Euthanasia is Morally Wrong
According to Williams, euthanasia is a deliberate act of taking away a life of an individual who is presumed to be hopeless (Williams 168). It entails taking away one’s own or another person’s life that is believed to be suffering from an injury or a disease from which recovery is not anticipated. Mr. Bertram Harper helped his wife who was suffering from advanced cancer to commit suicide (Harrison 1). According to Kant’s categorical imperative, an act is considered to be morally upright if it can be applied universally (Johnson 1). On the contrary, the decision made by Mr. Harper to help the wife commit suicide does not meet this threshold and is thereby regarded as morally wrong.
Generally, human beings have a natural inclination to perpetuation of life. Human body is naturally structured to fight against diseases, and reflexes are engineered to enable an individual escape or react to threats that tend to bring life to extinction. All processes of nature are virtually inclined towards ensuring bodily survival. However, euthanasia does violate this natural goal; it overcomes the body mechanisms aimed at protection and survival. The effect of euthanasia is much worse as compared to that of disease or injury. Our dignities as human beings come from seeking our ends. By taking away life, euthanasia violates this natural dignity. Since taking away life sets human beings against nature, it should be considered immoral in our society (Williams 2). Therefore, it was morally wrong for Mr. Harper to act against nature by assisting his wife in taking away her life.
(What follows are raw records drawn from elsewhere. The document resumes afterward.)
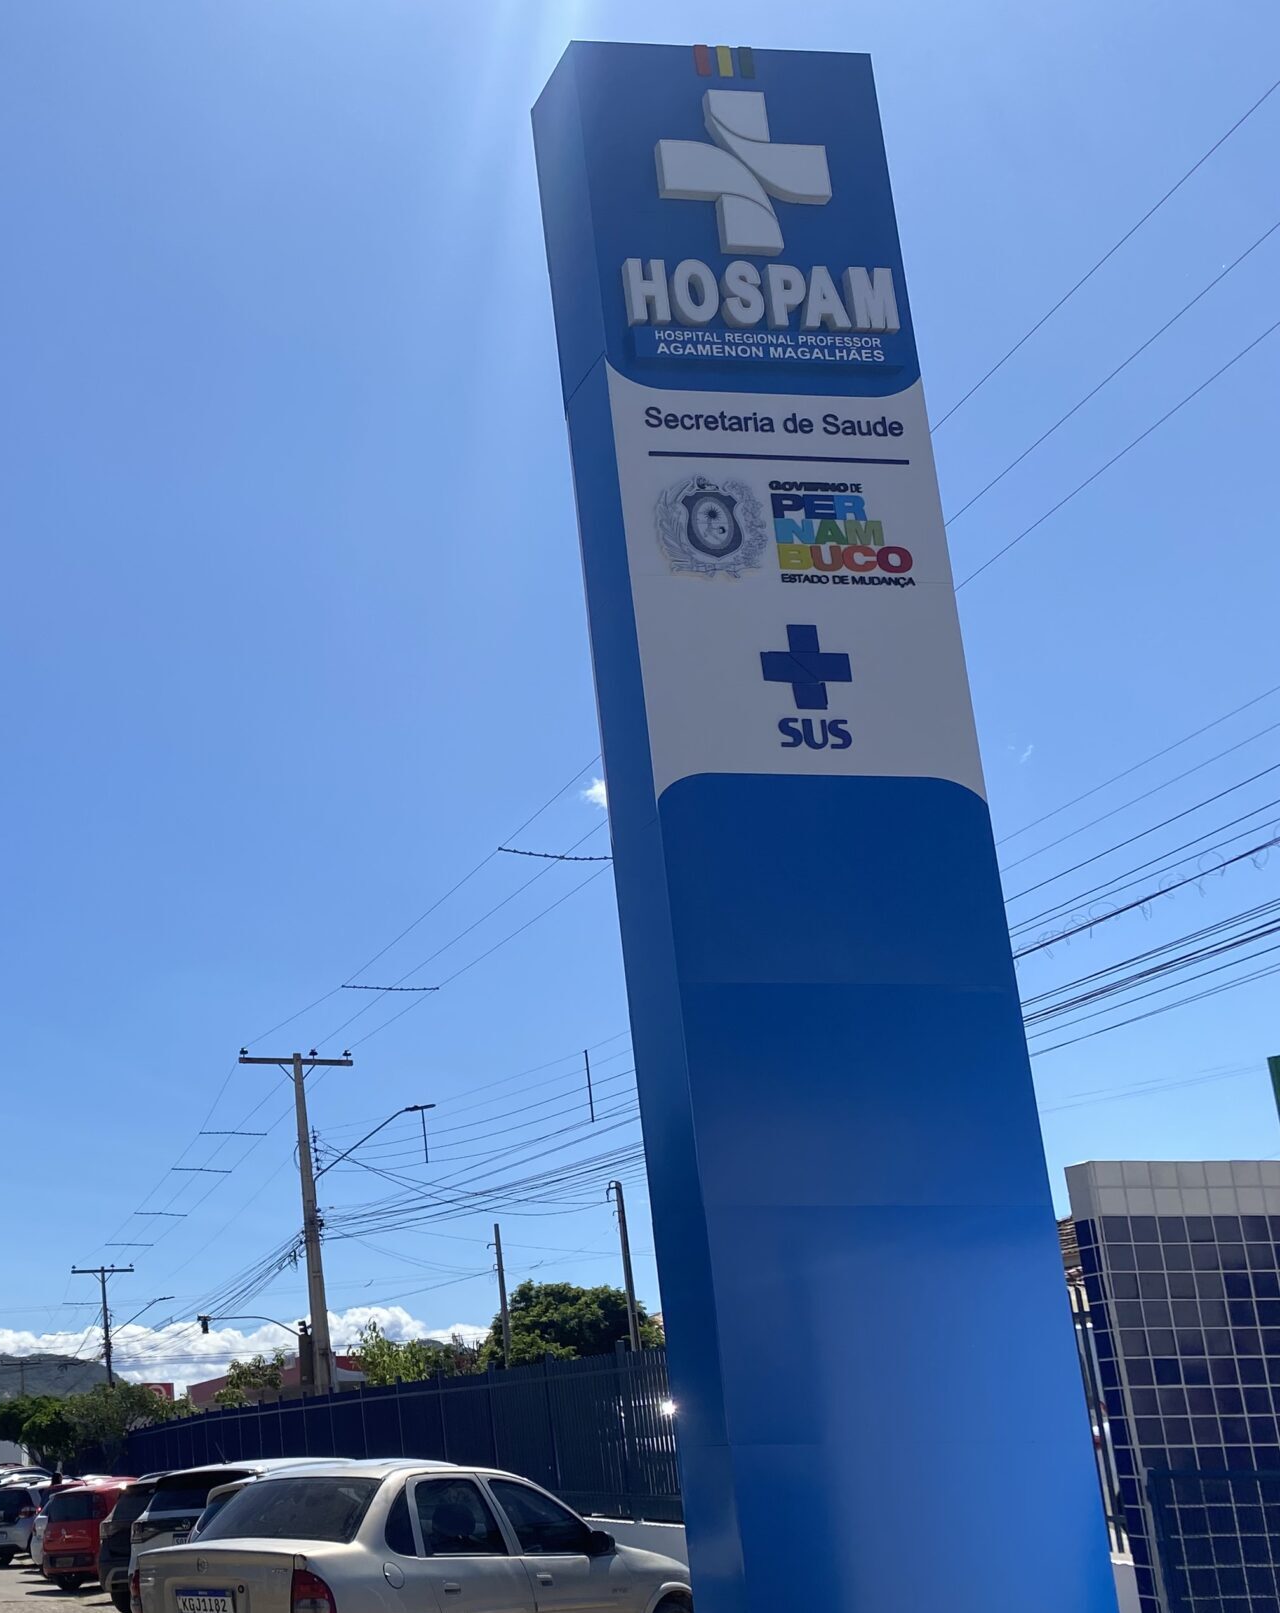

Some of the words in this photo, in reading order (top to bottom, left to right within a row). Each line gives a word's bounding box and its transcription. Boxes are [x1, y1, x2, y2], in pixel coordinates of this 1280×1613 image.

[622, 258, 900, 333] HOSPAM
[655, 330, 722, 343] HOSPITAL
[725, 333, 795, 346] REGIONAL
[798, 335, 882, 348] PROFESSOR
[657, 342, 764, 358] AGAMENON
[769, 346, 885, 362] MAGALHÃES
[644, 406, 775, 433] Secretaria
[782, 412, 814, 434] de
[822, 413, 904, 438] Saude
[850, 483, 863, 493] DE
[770, 493, 867, 521] PER
[773, 518, 884, 546] NAM
[776, 543, 913, 573] BUCO
[781, 573, 830, 585] ESTADO
[832, 575, 850, 585] DE
[851, 575, 916, 588] MUDANÇA
[778, 717, 852, 750] SUS
Modern medicine practice is of high standard and has a record of greater accomplishments. However, it lacks perfect and complete knowledge on life, and a mistaken diagnosis as well as mistaken prognosis is possible. It is also possible to believe that there are no chances of recovery from a disease when the chances are actually very high. On the other hand, medicine is an uncertain science. Thus, it is possible that an unproved procedure can be tried on a particular individual and bear fruit. The option of trying a new technique should be left open rather than cutting hopes through euthanasia. In some cases, spontaneous remission does occur. For instance, some patients do recover mysteriously, when those around them, including physicians and family members, expected them to die. Euthanasia would only guarantee the wish of those people around the patient and leave no room for such unexpected healing which often occurs (Williams 3). The case of Cole’s wife, Jackie, is a perfect proof that medicine is uncertain science. When Jackie had a massive brain hemorrhage due to the rupture of her brain blood vessels, she fell into a coma. The doctor told her husband that most patients suffering from such stroke die within few hours; however, Jackie stabilized into a vegetative state. The doctor said she could last at the vegetative state indefinitely. Consequently, Cole went to court to be allowed to remove his wife from the respirator. While the judge delayed to make his ruling, Jackie woke up after six days (Gibbs 1). In essence, it would have been morally wrong to have taken away Jackie’s life. Similarly, Mr. Harper’s decision to help his wife commit suicide is morally wrong since it is possible that she could have recovered from the advanced cancer.
The will to live is strong in all human beings, but suffering, pain, and feeling of hopelessness can weaken this strong will. Allowing death simply because a challenging moment has come on one’s way denies people the opportunity to reconsider the issues. However, human beings have to be strong in order to overcome serious illnesses. The suggestion that euthanasia is an easy way out of trauma is misplaced and goes against our strong will to live (Williams 3). Despite the pain, one can recover. The case of Dax Cowart who recovered despite the pain and hopelessness is a perfect example. He was severely burnt in a propane gas explosion that occurred near Henderson, Texas. As a result of the pain, he tried to take away his life, but all the attempts he made failed. First, he asked for a gun in order to kill himself. In the second attempt, while on his way to the hospital, he requested the medic to let him die. He later crawled out of bed in an attempt to throw himself out of the window but was intercepted. The notable fact is that several years down the line, Cowart, who lives in Texas, was able to continue with his life. He later became a law school graduate and got married. Nowadays, he is managing his investments (Gibbs 1). Thus, it was not morally right for Harper to assist the wife commit suicide simply because she was feeling pain.
For the most part of their lives, doctors and nurses are committed towards saving lives. Loss of life may appear to them as a personal failure. Permitting euthanasia may soon change this commitment by corrupting the belief. Patients would thereby be treated on the basis of convenience but not the need to save lives. Euthanasia lacks moral standing in the society. If individuals who are sick and have no hope of recovery are allowed to take away their lives, then the matter is headed the wrong way. People will be making decisions on behalf of those who are deemed to be unfit to live. At this point, euthanasia is involuntary and not personal and may be viewed as a voluntary act of denying the patients the right to life (Williams 4). Mr. Harper’s decision to help the wife take away her life is morally wrong and deserves punishment.